━━━━━ INFORMATION GIVEN ━━━━━

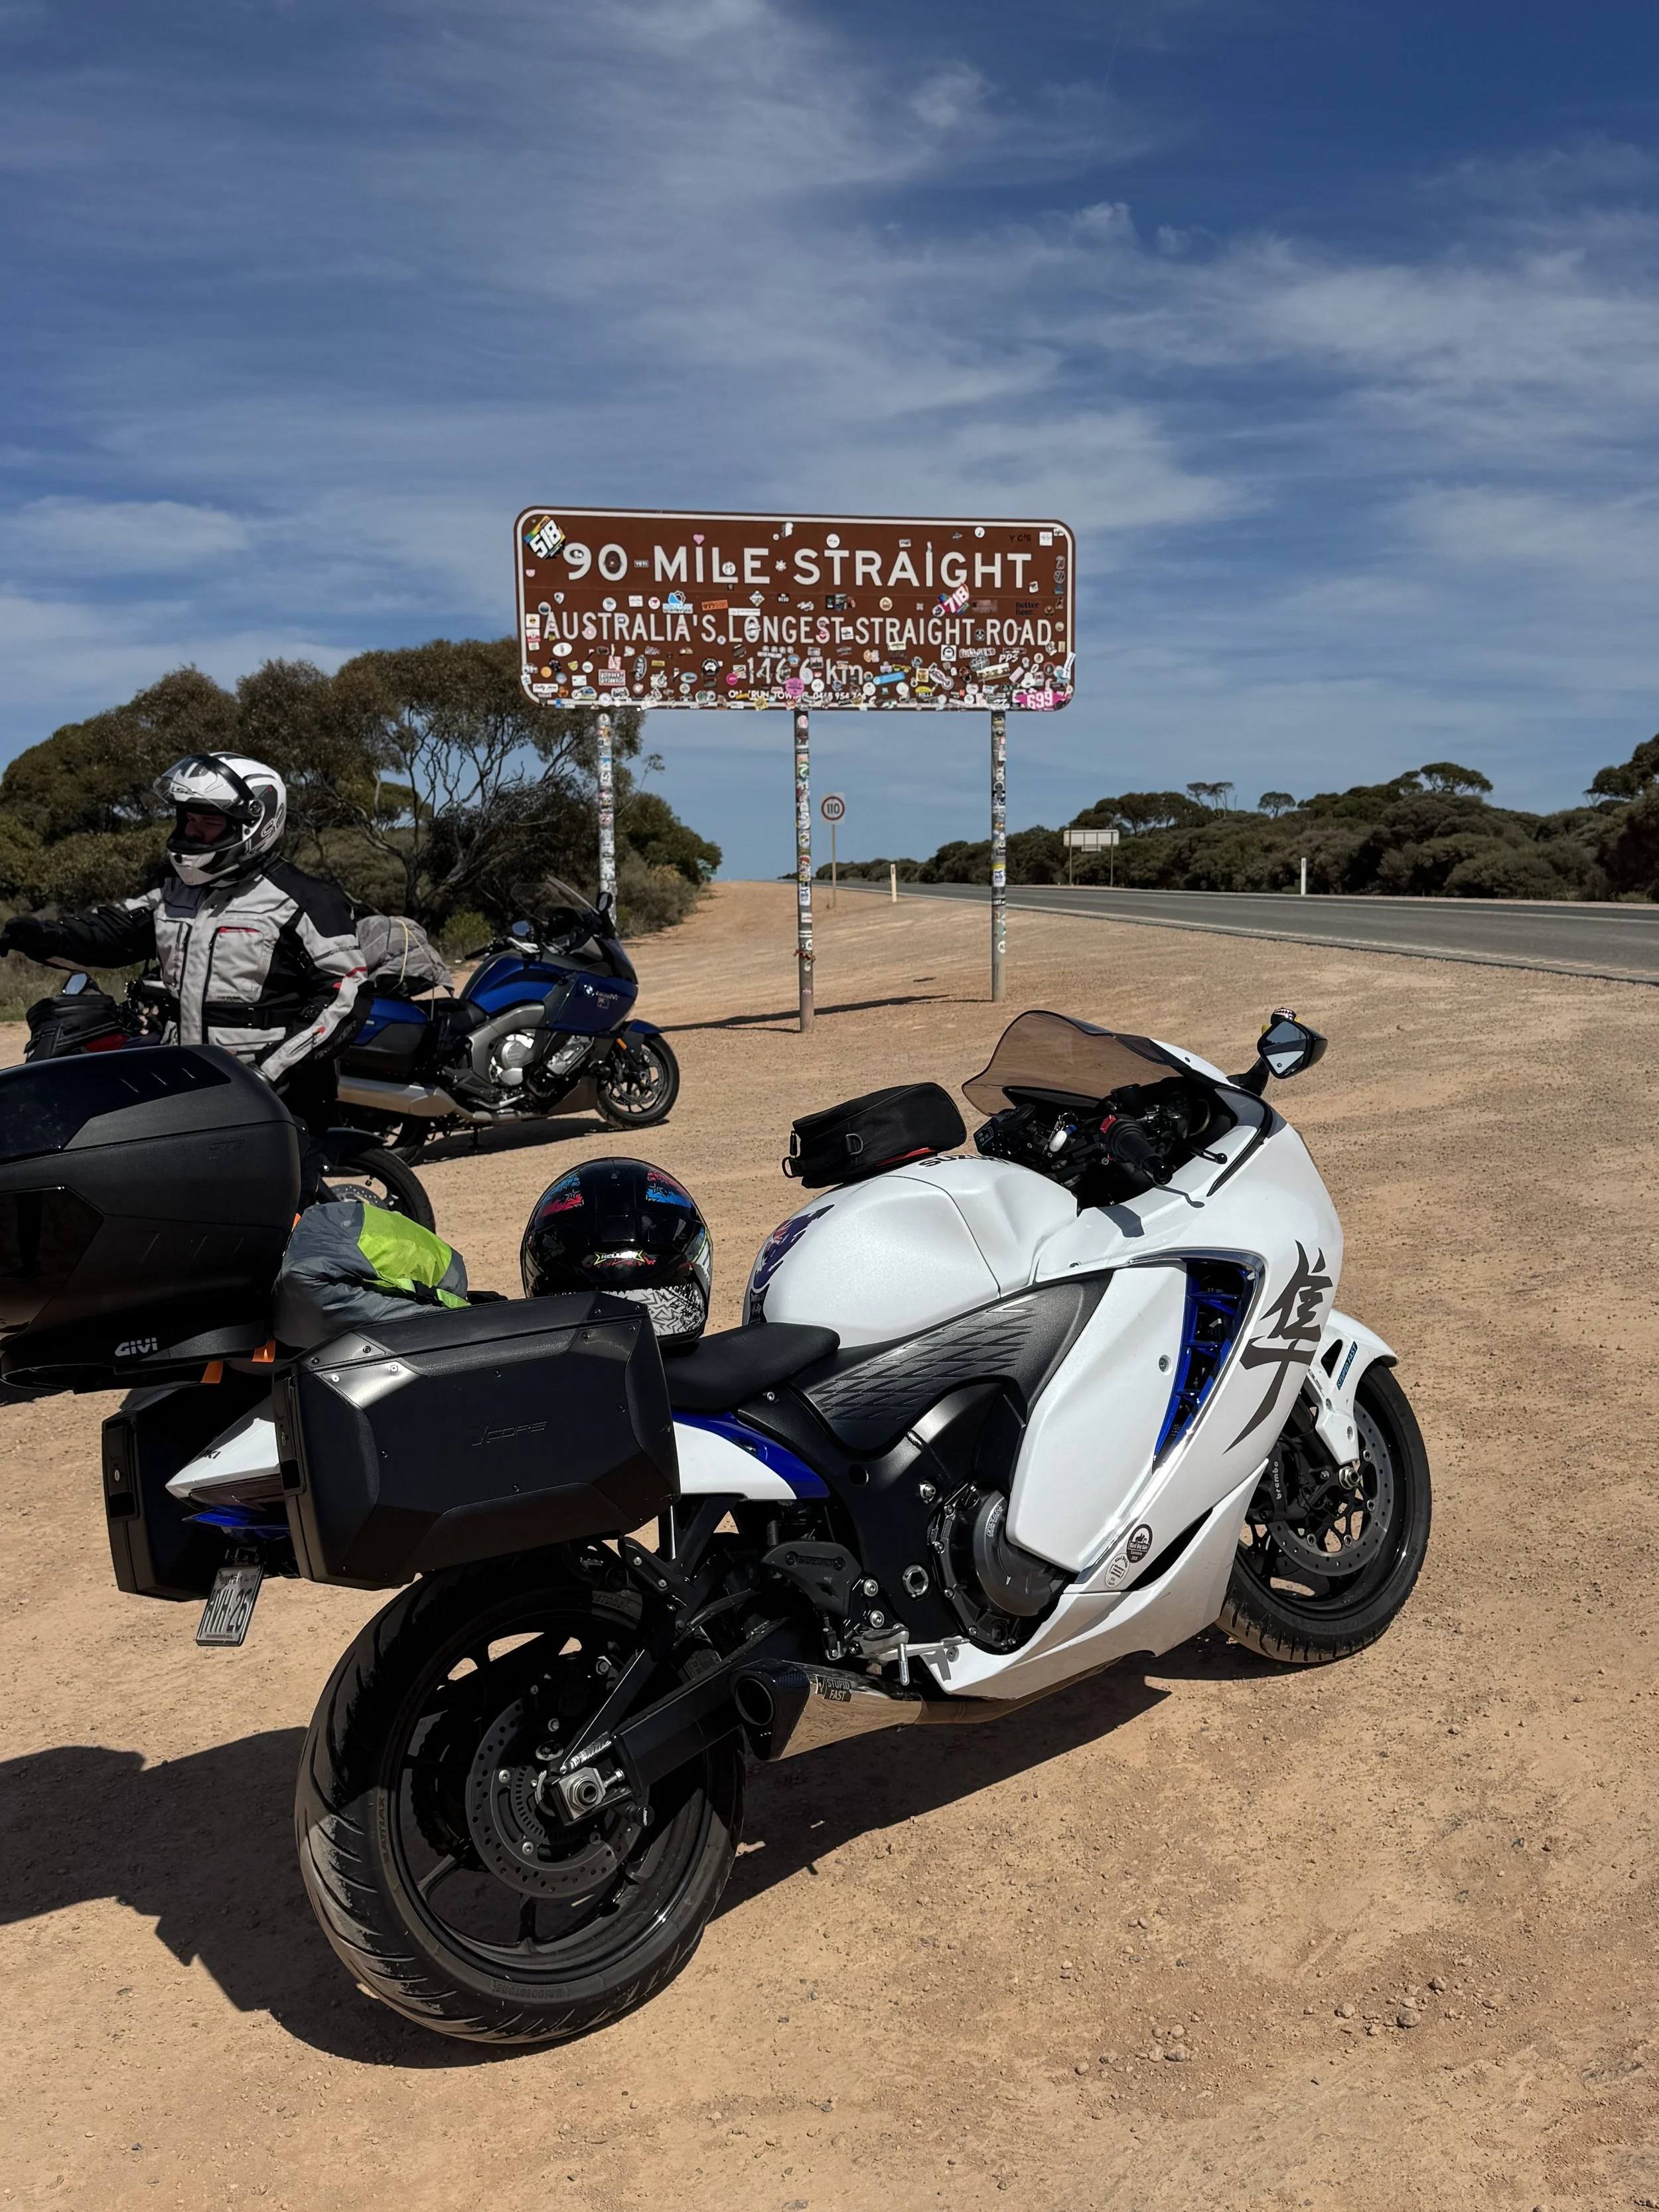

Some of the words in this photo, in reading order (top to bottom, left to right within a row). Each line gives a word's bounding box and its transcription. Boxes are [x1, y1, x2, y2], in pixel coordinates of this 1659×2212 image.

[530, 520, 562, 559] 518
[563, 542, 628, 581] 90
[654, 545, 770, 584] MILE
[794, 548, 1031, 588] STRAIGHT
[543, 612, 716, 642] AUSTRALIA'S
[729, 615, 844, 644] LONGEST
[855, 617, 975, 645] STRAIGHT
[986, 619, 1051, 646] ROAD
[826, 658, 863, 684] km
[1027, 691, 1053, 709] 699
[827, 803, 839, 814] 110
[1222, 1240, 1333, 1455] 隼
[1272, 1461, 1282, 1500] brembo
[827, 1678, 850, 1690] STUPID
[829, 1689, 847, 1701] FAST

━━━━━

*TASK TO COMPLETE*: Could you output the listing word for word, omitting every picture?

*EXERCISE SOLUTION*:
Some of the words in this photo, in reading order (top to bottom, left to right within a row). Each line gives a word's bounding box and its transcription. Boxes are [x1, y1, x2, y2], in pixel coordinates of this 1659×2212 image.

[530, 520, 562, 559] 518
[563, 542, 628, 581] 90
[654, 545, 770, 584] MILE
[794, 548, 1031, 588] STRAIGHT
[543, 612, 716, 642] AUSTRALIA'S
[729, 615, 844, 644] LONGEST
[855, 617, 975, 645] STRAIGHT
[986, 619, 1051, 646] ROAD
[826, 658, 863, 684] km
[1027, 691, 1053, 709] 699
[827, 803, 839, 814] 110
[1222, 1240, 1333, 1455] 隼
[1272, 1461, 1282, 1500] brembo
[827, 1678, 850, 1690] STUPID
[829, 1689, 847, 1701] FAST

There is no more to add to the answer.